AIM OF THE EXERCISE: Copy the records below exactly, leaving out any pictures.

INFORMATION SUPPLIED:
>>>

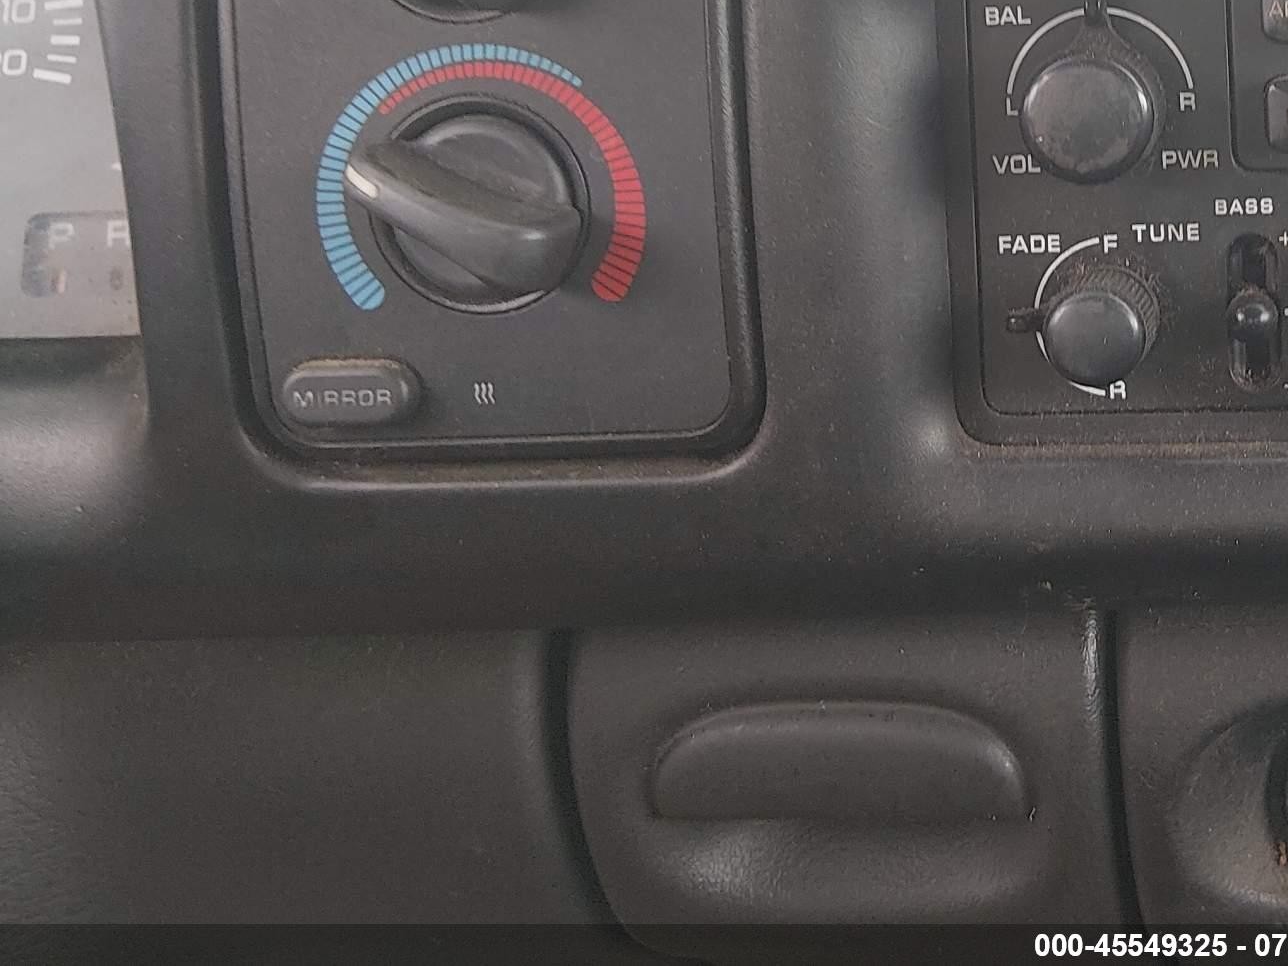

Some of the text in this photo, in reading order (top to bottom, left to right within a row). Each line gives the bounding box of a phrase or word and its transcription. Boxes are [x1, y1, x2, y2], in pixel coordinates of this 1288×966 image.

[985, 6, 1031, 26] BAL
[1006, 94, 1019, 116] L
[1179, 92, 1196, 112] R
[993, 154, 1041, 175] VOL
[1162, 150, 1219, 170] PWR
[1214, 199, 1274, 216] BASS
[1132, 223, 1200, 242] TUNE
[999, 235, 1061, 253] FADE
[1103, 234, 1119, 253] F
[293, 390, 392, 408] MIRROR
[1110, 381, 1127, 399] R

<<<

RESULT FOR THIS TASK:
Some of the text in this photo, in reading order (top to bottom, left to right within a row). Each line gives the bounding box of a phrase or word and its transcription. Boxes are [x1, y1, x2, y2], in pixel coordinates of this 1288×966 image.

[985, 6, 1031, 26] BAL
[1006, 94, 1019, 116] L
[1179, 92, 1196, 112] R
[993, 154, 1041, 175] VOL
[1162, 150, 1219, 170] PWR
[1214, 199, 1274, 216] BASS
[1132, 223, 1200, 242] TUNE
[999, 235, 1061, 253] FADE
[1103, 234, 1119, 253] F
[293, 390, 392, 408] MIRROR
[1110, 381, 1127, 399] R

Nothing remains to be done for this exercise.